(Referring expression grounding data)

━━━━━━━━━━━━━━━━━━━━

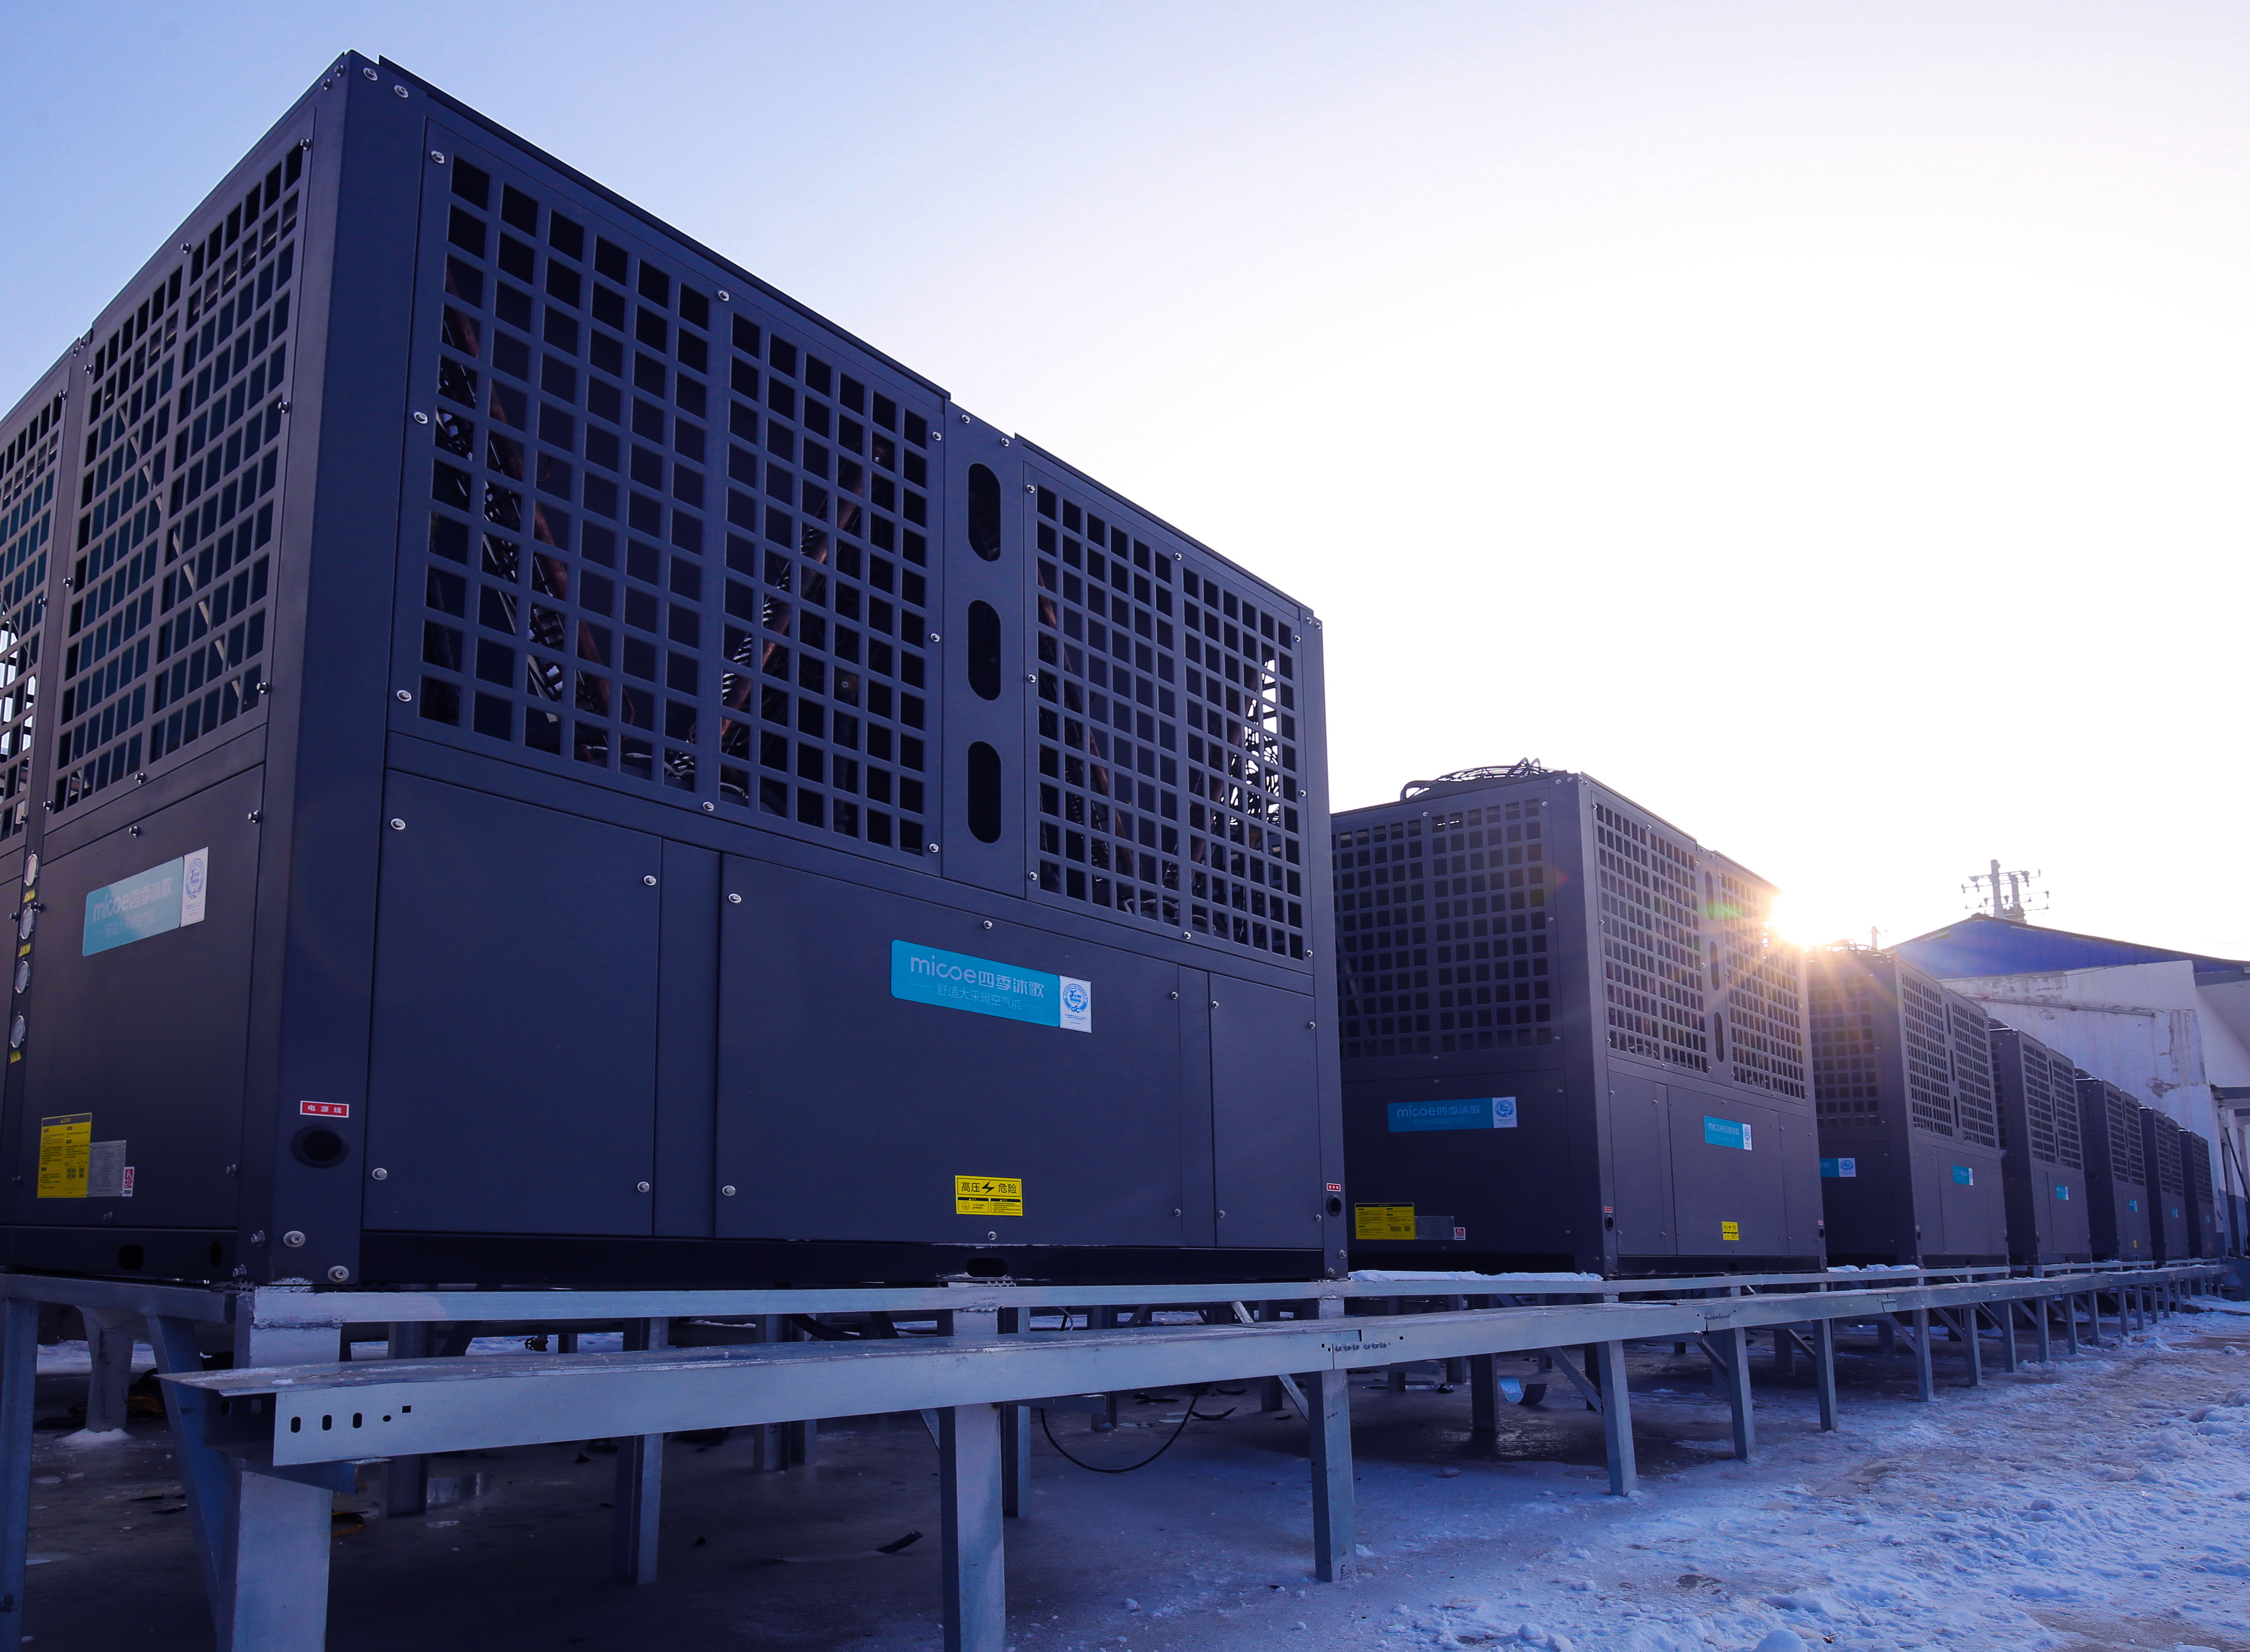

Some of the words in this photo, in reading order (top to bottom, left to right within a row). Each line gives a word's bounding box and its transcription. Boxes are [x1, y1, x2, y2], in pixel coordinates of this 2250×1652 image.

[93, 893, 130, 922] micoe
[910, 955, 977, 984] micoe
[978, 971, 1044, 998] 四季沐歌
[937, 983, 1022, 1010] 舒适大采暖空气能
[1397, 1105, 1436, 1118] micoe
[961, 1182, 981, 1192] 高压
[998, 1183, 1017, 1194] 危险

━━━━━━━━━━━━━━━━━━━━

▶ **WORK INSTRUCTIONS**: Transcribe every line of the data exactly. No pictures go in the copy.

▶ **ANSWER TO THIS TASK**:
Some of the words in this photo, in reading order (top to bottom, left to right within a row). Each line gives a word's bounding box and its transcription. Boxes are [x1, y1, x2, y2], in pixel coordinates of this 2250×1652 image.

[93, 893, 130, 922] micoe
[910, 955, 977, 984] micoe
[978, 971, 1044, 998] 四季沐歌
[937, 983, 1022, 1010] 舒适大采暖空气能
[1397, 1105, 1436, 1118] micoe
[961, 1182, 981, 1192] 高压
[998, 1183, 1017, 1194] 危险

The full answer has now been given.